アンナ・ヴァーサ(Anna Vasa, 1568年5月17日 - 1625年2月26日)は、フィンランド公ヨハン(のちのスウェーデンヨハン3世)と、王妃カタジナ・ヤギェロンカの次女。兄はスウェーデン王シギスムンド(ポーランド王としてはジグムント3世)。

生涯[編集]

両親と兄弟らは、伯父エリク14世によってグリプスホルム城に数年来監禁されており、アンナが生まれたのは解放のしばらく後で、エスキルストゥーナ(現在のセーデルマンランド地方)に移ってからであった。

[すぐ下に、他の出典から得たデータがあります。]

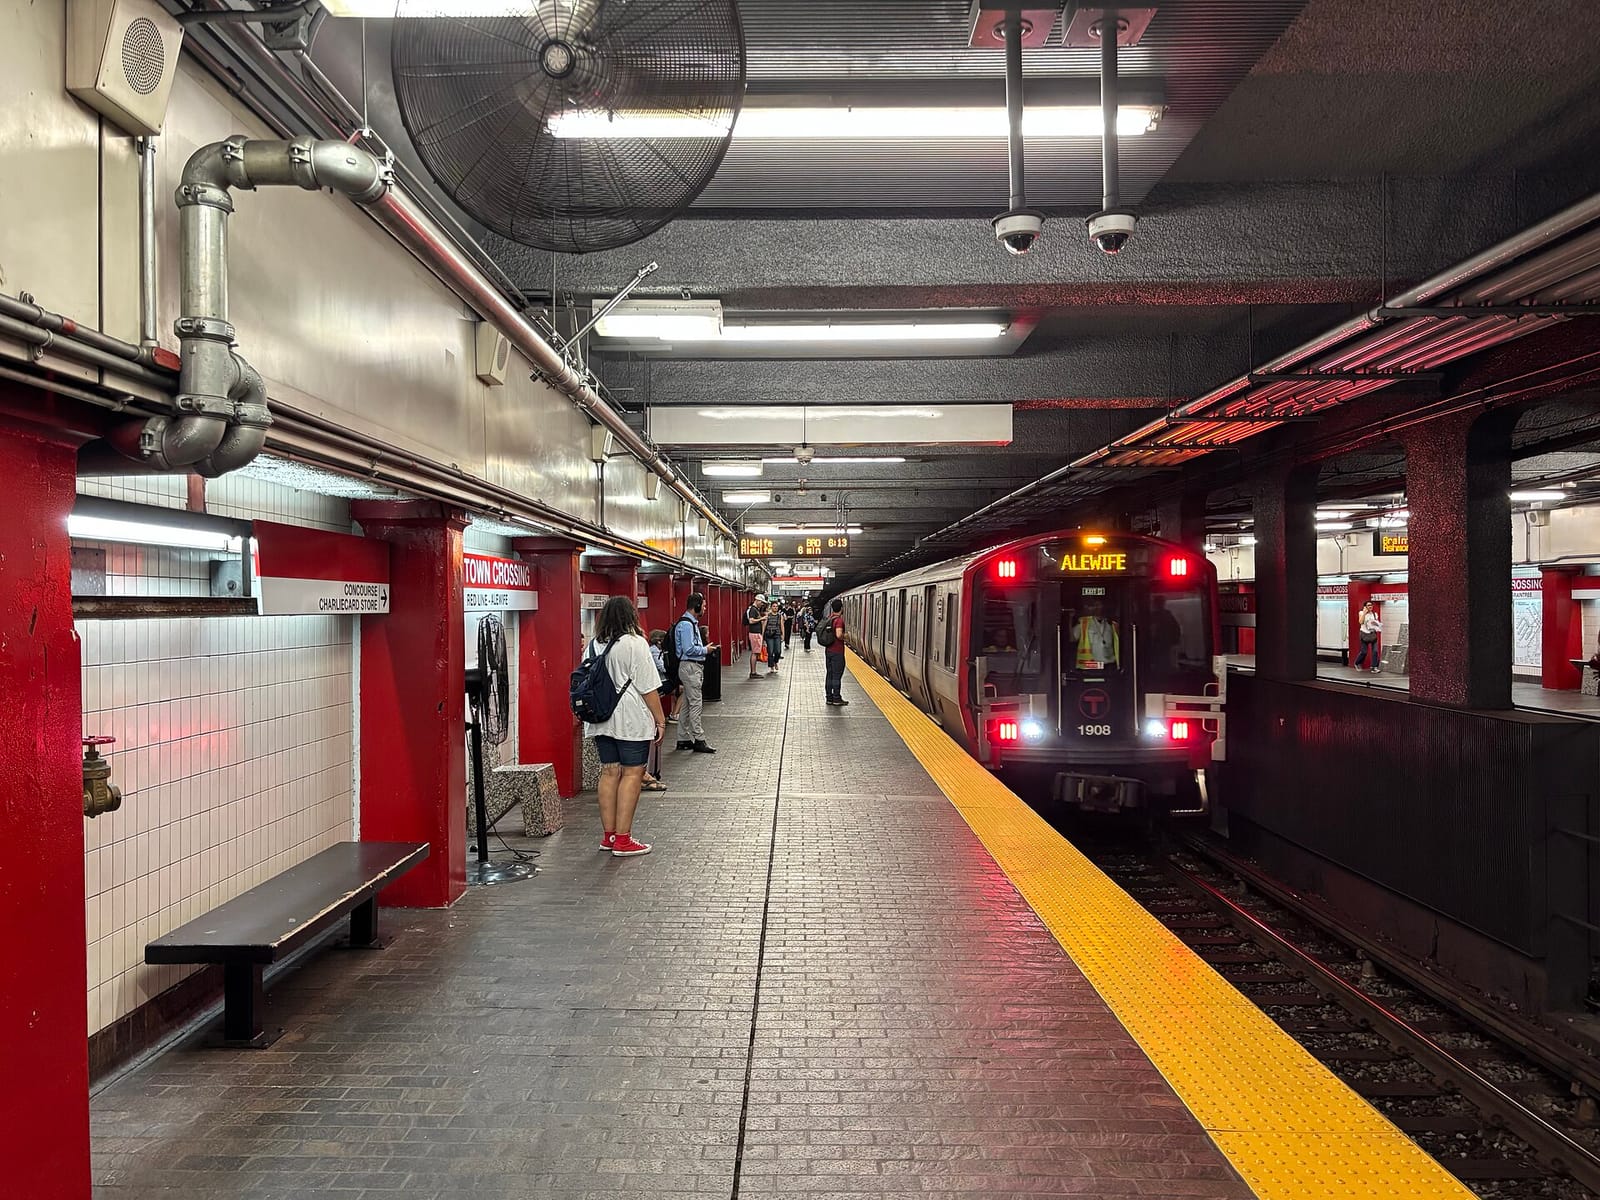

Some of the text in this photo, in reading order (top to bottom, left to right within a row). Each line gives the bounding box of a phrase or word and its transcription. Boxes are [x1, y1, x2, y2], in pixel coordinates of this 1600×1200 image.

父ヨハンは1568年にスウェーデン王位についた。母カタジナは、ルター派が多数を占めるスウェーデンでアンナをカトリック教徒として教育したが、アンナは1580年代にルター派に改宗した。彼女は医療用ハーブの専門家であった。1587年に兄と同行してポーランドへ行ったが、ルター派の彼女がカトリックの兄に影響を及ぼすのではないかと恐れるポーランド宮廷での酷い処遇に耐えかねて2年後に帰国する。父の治世の間スウェーデンで暮らし、1598年に再びポーランドへ行った。その後は、短い滞在が何度かあったものの、一生をポーランドで過ごした。ポーランドでは、カトリックが大勢を占めその中では浮いた存在であったが、彼女は学識者として非常に尊敬されていた。

ジグムントはスウェーデン王位につくと、自分はポーランドに住み、妹をスウェーデンでの摂政にしようと画策した。しかし、2人の叔父でヨハン3世の弟セーデルマンランド公カール(のちのカール9世)はジグムントに不満があり、自身をスウェーデン執政とした。カールは猛烈なプロテスタントであり、アンナを毒殺者呼ばわりしてジグムントの名誉毀損をした。

アンナは一生を独身で過ごした。亡くなると、トルンの聖マリア教会に埋葬された。彼女の死からわずか数年後、ローマ教皇はカトリックの祝福された土地ポーランドに、プロテスタントを埋葬してはならないという初めての禁止を出した。この命令を覆したのは、アンナの甥ヴワディスワフ4世だけだった。